The activity of the renin-angiotensin-aldosterone system (RAAS) is elevated both in the circulation and in the renal tissue of diabetic and non-diabetic nephropathies [23]. The increased RAAS activity plays an important role in the hemodynamic and non-hemodynamic pathogenetic mechanisms involved in chronic kidney disease [23]. Randomized crossover and parallel blind studies in patients with diabetic nephropathy have demonstrated that angiotensin-converting enzyme (ACE) inhibition and ARBs induce favorable changes in systemic blood pressure, renal hemodynamics and proteinuria [23-26]. These medications have been shown to preserve kidney function by slightly reducing the filtration rate in the kidneys. Similarly, in this study, lower use of ARBs was found to be a predictor of all-cause mortality in patients with an e-GFR of less than 60 ml/min/1.73 m2 who underwent coronary angiography. This study does have some limitations. The main limitations of our study were that it was single centered and had a small patient population size. We were not able to establish clear and detailed causes of mortality such as cardiovascular or others, so we used all-cause mortality in the analyses. In relation to the amount of contrast media given during cardiac catheterization, long-term survival has not been studied adequately to date. Despite the limitations, the importance of the present study results from the fact that it reveals the relation between contrast media volume and long-term mortality in this patient group.
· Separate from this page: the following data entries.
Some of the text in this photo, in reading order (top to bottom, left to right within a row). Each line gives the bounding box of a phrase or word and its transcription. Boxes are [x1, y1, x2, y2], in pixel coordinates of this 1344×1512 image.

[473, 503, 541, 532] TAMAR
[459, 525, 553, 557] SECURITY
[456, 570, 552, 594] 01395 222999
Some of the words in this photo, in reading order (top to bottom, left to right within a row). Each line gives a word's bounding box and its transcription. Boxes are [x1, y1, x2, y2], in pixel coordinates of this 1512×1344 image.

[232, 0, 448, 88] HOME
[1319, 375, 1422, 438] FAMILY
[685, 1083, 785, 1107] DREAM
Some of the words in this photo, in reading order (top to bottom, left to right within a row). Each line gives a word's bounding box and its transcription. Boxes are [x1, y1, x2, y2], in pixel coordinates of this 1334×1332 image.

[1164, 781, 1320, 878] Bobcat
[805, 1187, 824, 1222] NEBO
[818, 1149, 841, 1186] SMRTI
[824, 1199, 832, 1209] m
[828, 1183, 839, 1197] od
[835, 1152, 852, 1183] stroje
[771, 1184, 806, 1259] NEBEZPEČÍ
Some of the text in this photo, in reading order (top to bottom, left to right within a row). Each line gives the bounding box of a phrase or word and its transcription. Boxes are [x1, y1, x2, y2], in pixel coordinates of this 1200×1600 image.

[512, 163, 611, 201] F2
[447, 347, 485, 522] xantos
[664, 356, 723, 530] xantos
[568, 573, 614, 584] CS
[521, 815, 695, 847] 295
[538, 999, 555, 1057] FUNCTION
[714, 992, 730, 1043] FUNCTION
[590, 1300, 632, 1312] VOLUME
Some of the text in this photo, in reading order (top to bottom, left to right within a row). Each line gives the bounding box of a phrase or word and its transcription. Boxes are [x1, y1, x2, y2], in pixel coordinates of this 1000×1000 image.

In conclusion, in patients with chronic kidney disease undergoing cardiac catheterization, age, contrast media volume, e-GFR and low ARB use were found to be independent predictors of long-term all-cause mortality. Contrast media volume used > 140 ml was independently associated with long-term all-cause mortality compared to less than or equal to 140 ml during cardiac catheterization. Reducing the volume of contrast agent used could contribute significantly to the reduction in long-term mortality in patients with chronic kidney disease.

Conflict of interest

The authors declare no conflict of interest.